Weifeng Yan; Xiaolin Wang; Yuxin Pei; Fan Chen; Jianru Wang

TGF-β1 suppresses syndecan-2 expression through the ERK signaling pathway in nucleus pulposus cells

Int J Clin Exp Pathol. 2018 Apr 1;11(4):2017-2024. eCollection 2018.

Authors

Weifeng Yan¹, Xiaolin Wang², Yuxin Pei³, Fan Chen⁴, Jianru Wang⁴

Affiliations

¹ Department of Orthopaedics, The Hospital of Zhejiang General Corps of Armed Police Forces Jiaxing, China.
² Guangdong Institute of Gastroenterology, Guangdong Provincial Key Laboratory of Colorectal and Pelvic Floor Diseases, The 6th Affiliated Hospital of Sun Yat-sen University Guangzhou, China.
³ Department of Pediatric Intensive Care Unit, The First Affiliated Hospital of Sun Yat-sen University Guangzhou, China.
⁴ Department of Spine Surgery, The First Affiliated Hospital of Sun Yat-sen University Guangzhou 510080, China.

PMID: 31938308
PMCID: PMC6958228

Abstract

Intervertebral disc degeneration (IVDD) is the main cause of low back pain and has become a worldwide problem causing enormous economic loss.

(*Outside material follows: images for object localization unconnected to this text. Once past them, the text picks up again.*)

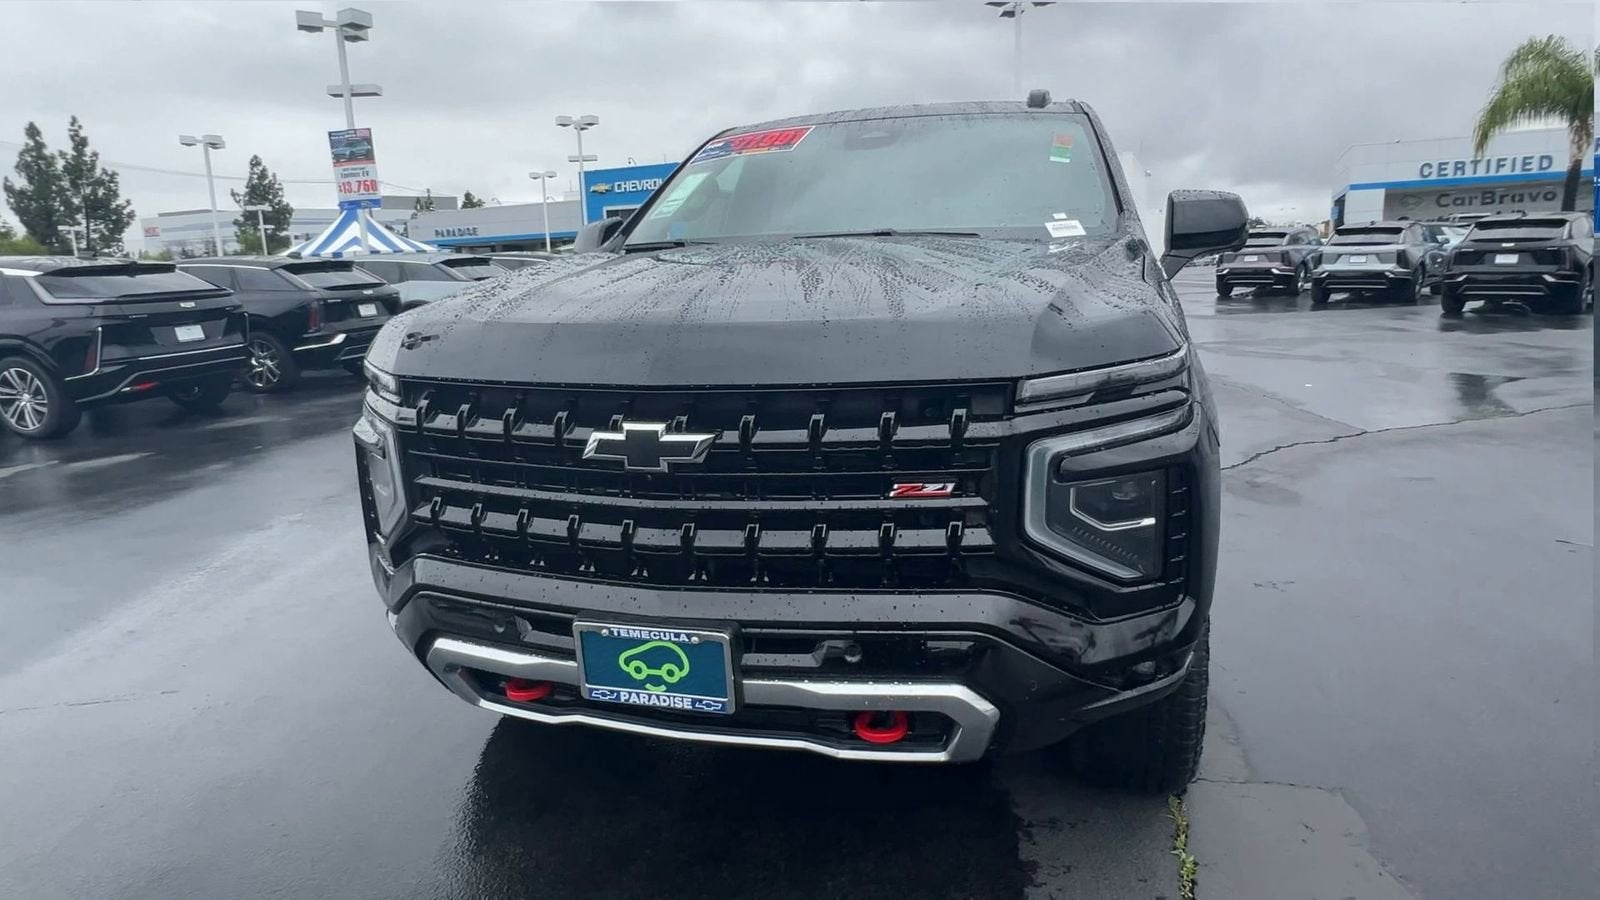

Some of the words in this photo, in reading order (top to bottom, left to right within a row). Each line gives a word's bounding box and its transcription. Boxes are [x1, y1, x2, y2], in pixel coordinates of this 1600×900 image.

[1420, 155, 1553, 178] CERTIFIED
[1435, 190, 1557, 208] CarBravo
[434, 227, 479, 238] PARADISE
[610, 627, 690, 643] TEMECULA
[619, 691, 693, 709] PARADISE
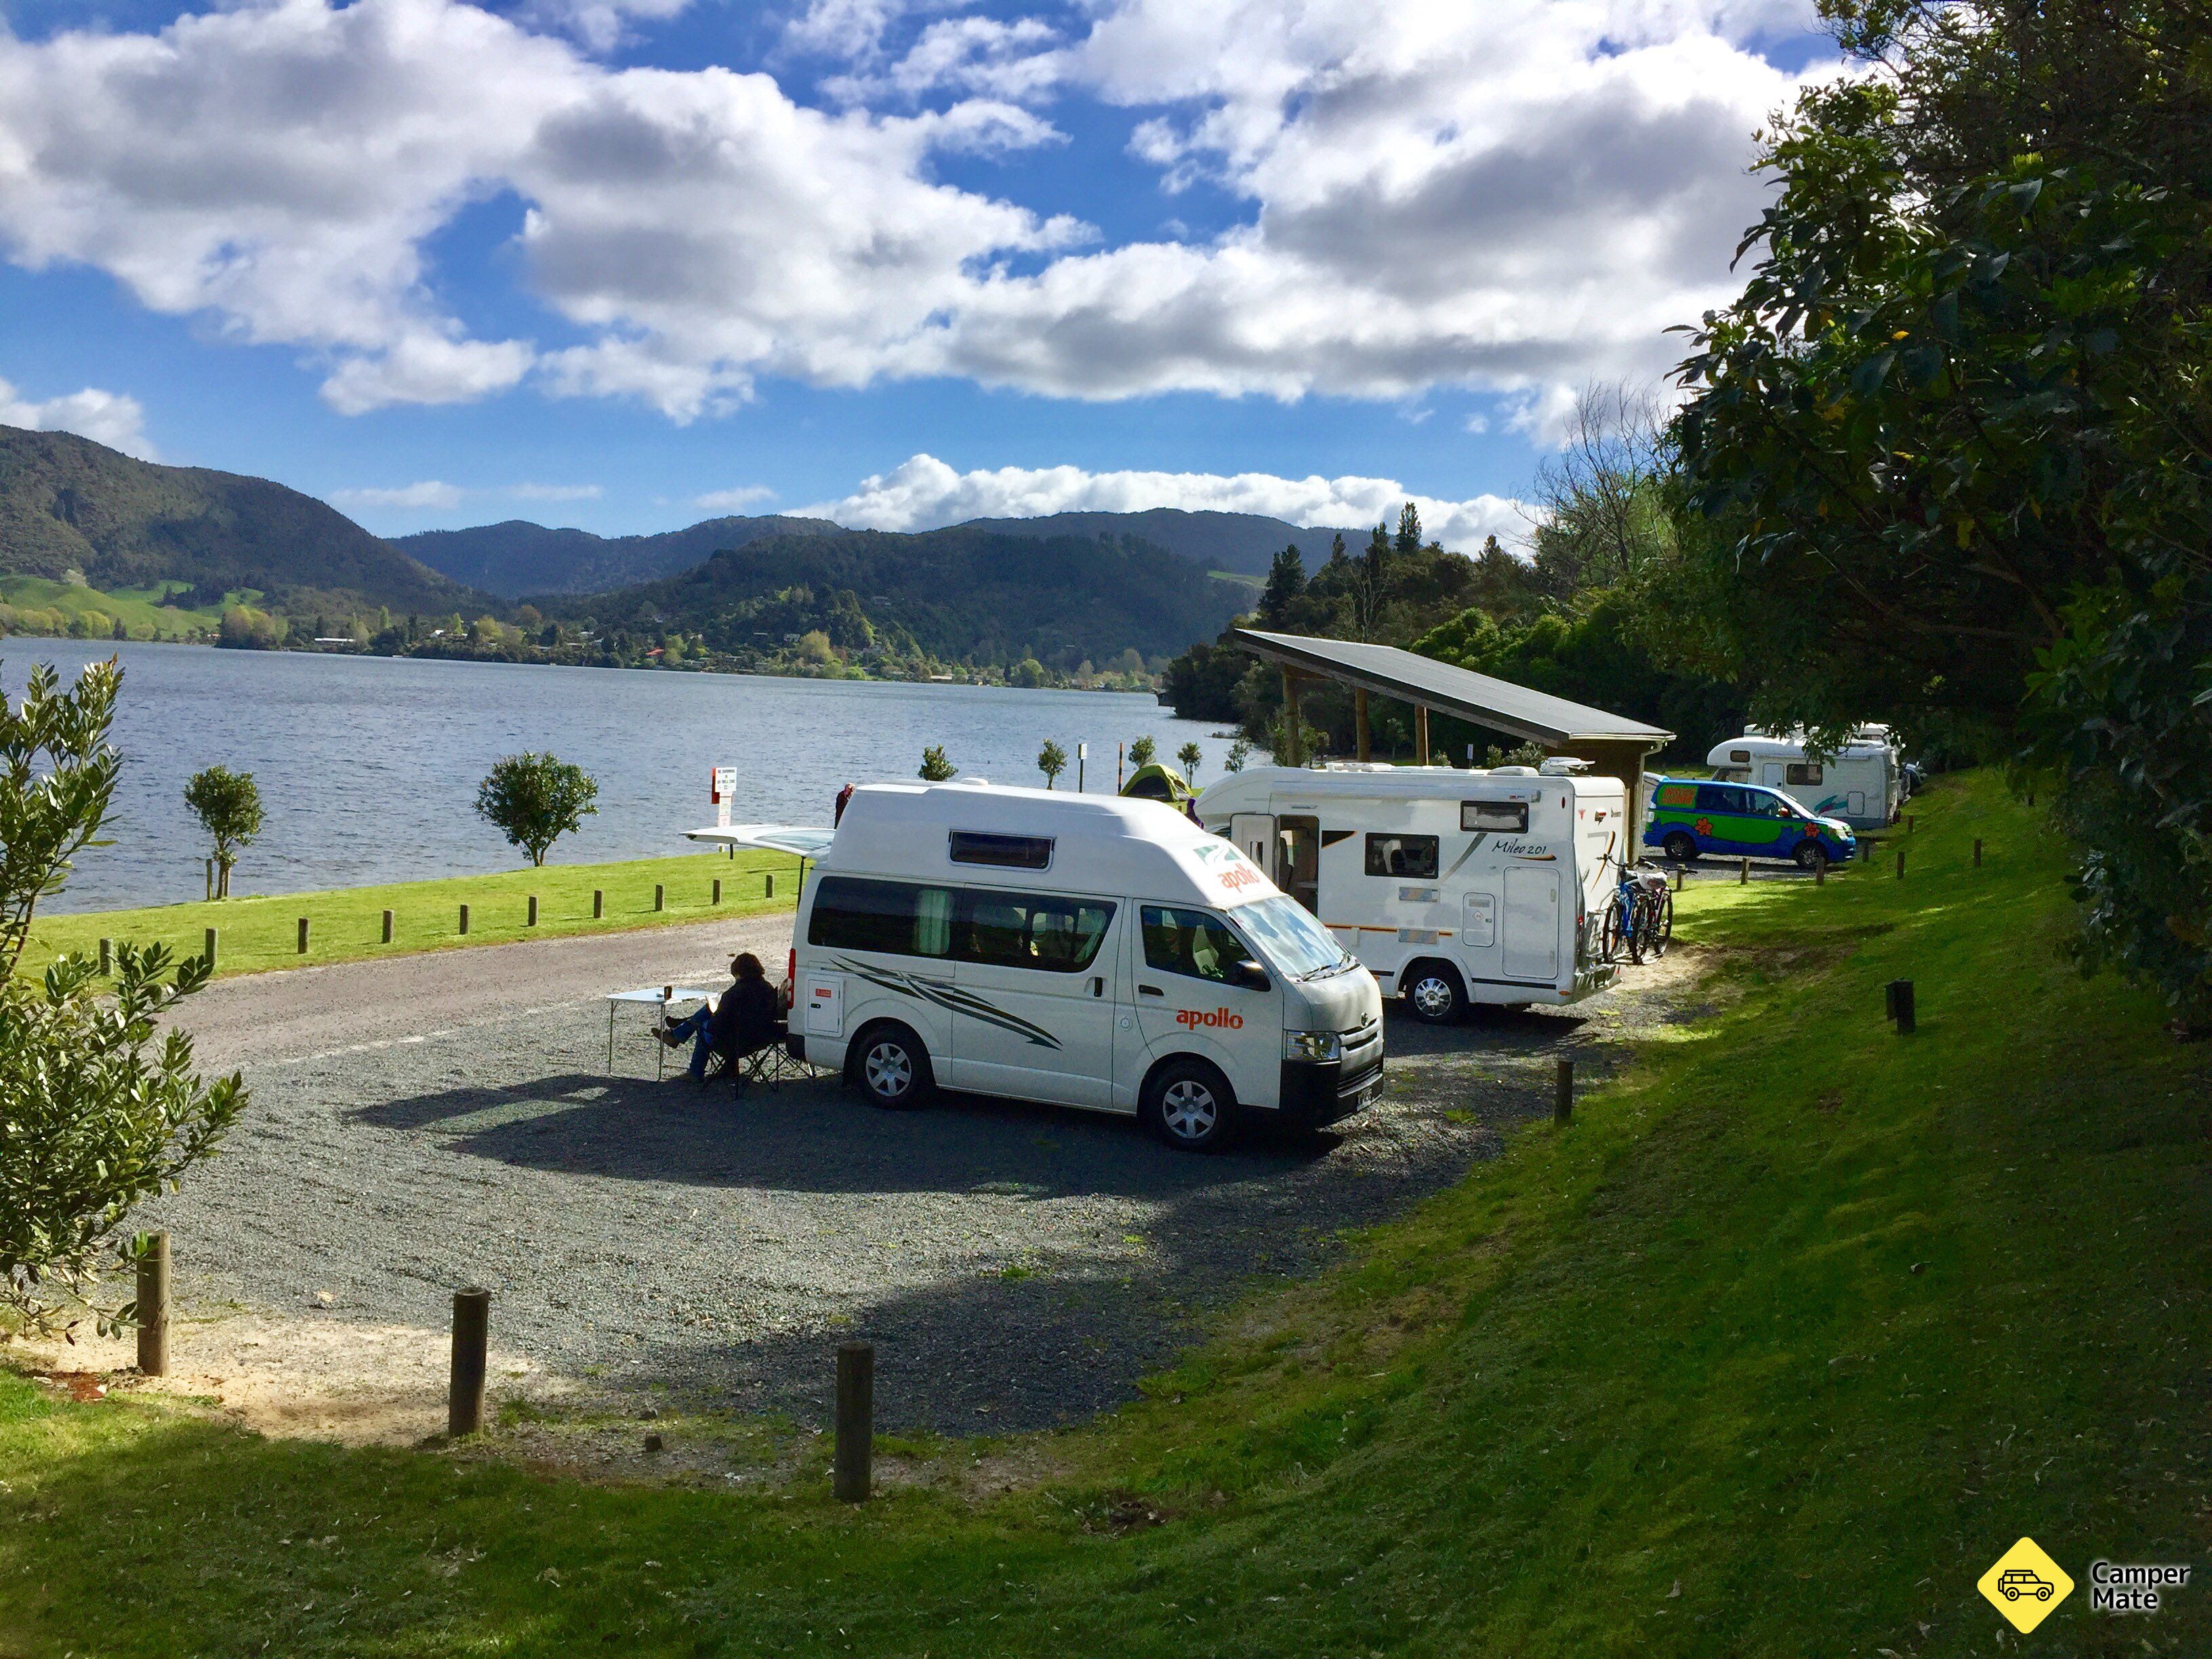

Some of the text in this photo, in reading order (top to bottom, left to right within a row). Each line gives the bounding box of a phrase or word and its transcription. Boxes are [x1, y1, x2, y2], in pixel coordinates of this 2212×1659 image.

[1491, 838, 1547, 855] Mileo 201
[1218, 863, 1260, 894] apollo
[1176, 1007, 1244, 1030] apollo

Thus, mechanisms and treatment of IVDD are attracting great attention from surgeons and physicians. The syndecan (SDC) family has been reported to play important roles in various physiopathologic processes. In this study, we found that SDC2 expression levels were positively correlated with IVDD grades in human samples. Moreover, we demonstrated that transforming growth factor-β1 inhibited SDC2 expression through ERK1/2 signaling pathway activation in nucleus pulposus cells. Knocking down SDC2 in disc cells significantly suppressed aggrecanase-1 and aggrecanase-2 expression. The results of our study indicate that SDC2 may be a therapeutic target through which extracellular matrix degradation of IVDD can be controlled.

Keywords: ERK signaling; Syndecan-2; degeneration; intervertebral disc; transforming growth factor-β1.